How You Should Treat a Blister

What to Do When Your Shoes Rub You the Wrong Way

Blister on foot
(c) Kristin Kokkersvold

Blisters created by friction, like the kind you get on your feet or hands when hiking or climbing, can be painful and become infected if they aren't kept clean and covered. They're not major injuries, but they sure can be a pain in the foot.

Let's be clear: blisters can be caused by a lot more than just ill-fitting shoes. Burns, infections, bites and stings, and many other things can cause blisters that look very similar to a simple friction injury.

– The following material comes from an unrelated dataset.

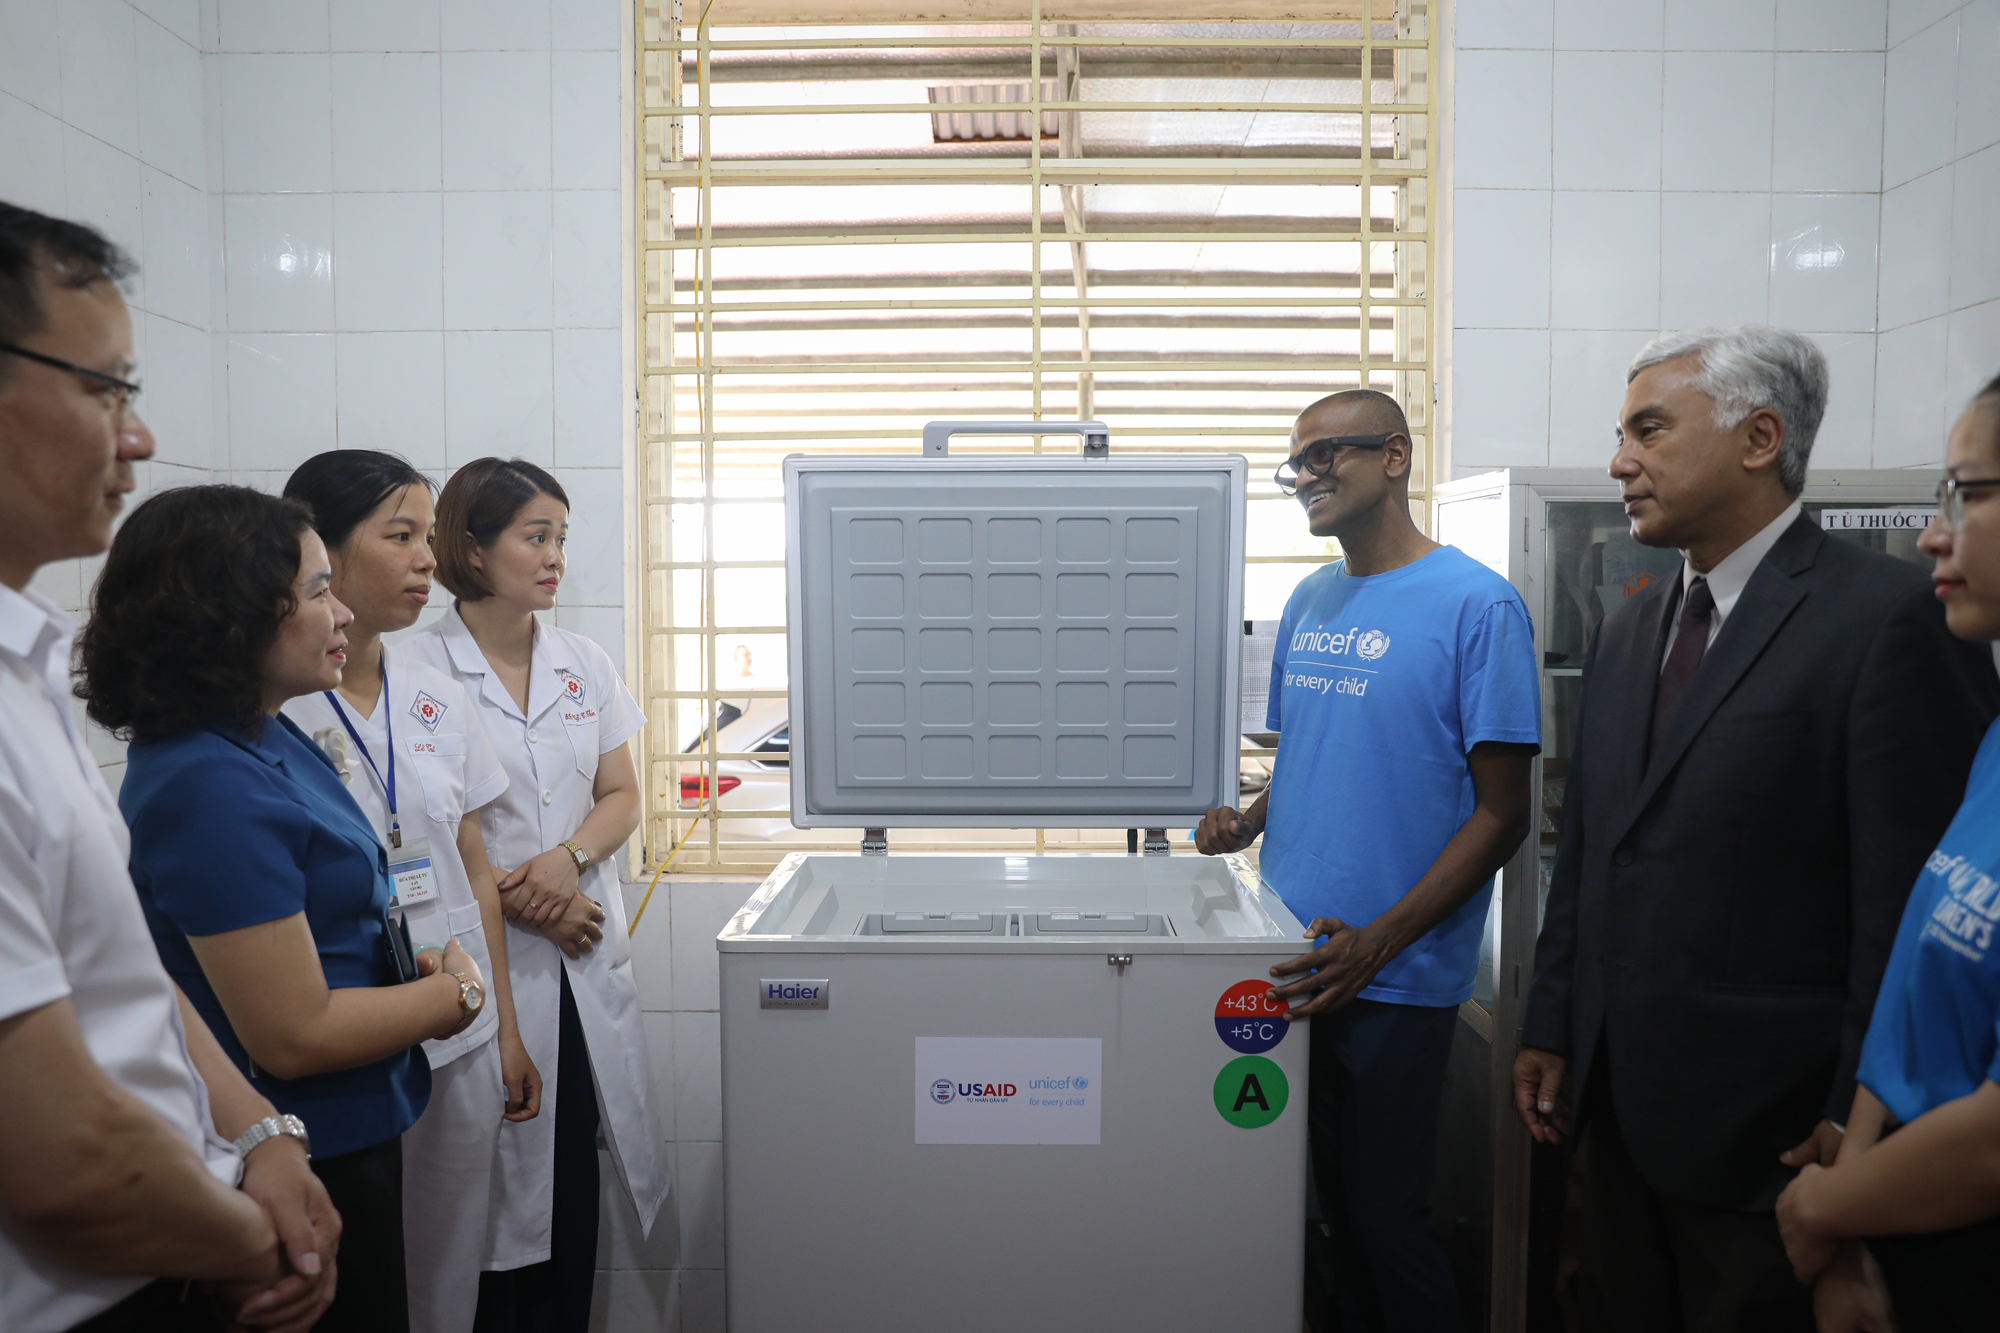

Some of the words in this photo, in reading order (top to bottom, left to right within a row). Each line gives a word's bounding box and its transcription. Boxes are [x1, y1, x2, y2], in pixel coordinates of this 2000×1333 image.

The giveaway difference is that usually the blisters caused by anything other than friction are accompanied by some redness and surrounding swelling. There are also a couple of telltale areas where friction blisters develop:

  • Heels and balls of the feet
  • Palms of the hand near the base of the fingers

Blisters that develop in other parts of the body without any obvious repetitive friction, are not friction blisters and should be considered as signs of some other condition.

Treatment

Whether or not a simple friction blister needs any treatment or not is still debatable.  Many blisters will heal all by themselves if left alone. If the blister is small, unbroken and not very painful, it is probably best to leave it alone. If the blister is large or painful--especially if the activity isn’t finished, such as if you are in the middle of a hike--follow these steps to drain and dress it.

Here's How

  1. Clean the blister
    Gently clean the blister with soap and water, then wipe the blister and surrounding area with isopropyl (rubbing) alcohol.
  1. Drain the blister
    Heat a needle over a flame until the tip is glowing red. Let the needle cool without touching anything else. Poke a hole in the base of the blister to allow the fluid inside to drain. Press lightly on the blister to help drain it.
  2. Dress the blister
    Dab a little antibiotic ointment on the drained blister and cover it with a bandage.

    Tips

    1. Don't get burned holding the needle over the flame. Use a pair of pliers, hot pad or cloth to hold it. You don't want to create a burn blister while trying to fix a friction blister.
    2. If you must continue the activity that caused the blister, whether you choose to drain it or not, cut a piece of moleskin like a donut with a hole in the middle. Put the moleskin around the blister. This helps keep pressure off the blister, which should minimize any further injury. If you've drained it, then cover the whole thing with a bandage.

    Sources

    Brennan, F.H. Jr. "Managing blisters in competitive athletes." Current sports medicine reports. Dec 2002.

    Knapik, J.J., et al."Friction blisters. Pathophysiology, prevention and treatment." Sports medicine. Sep 1995.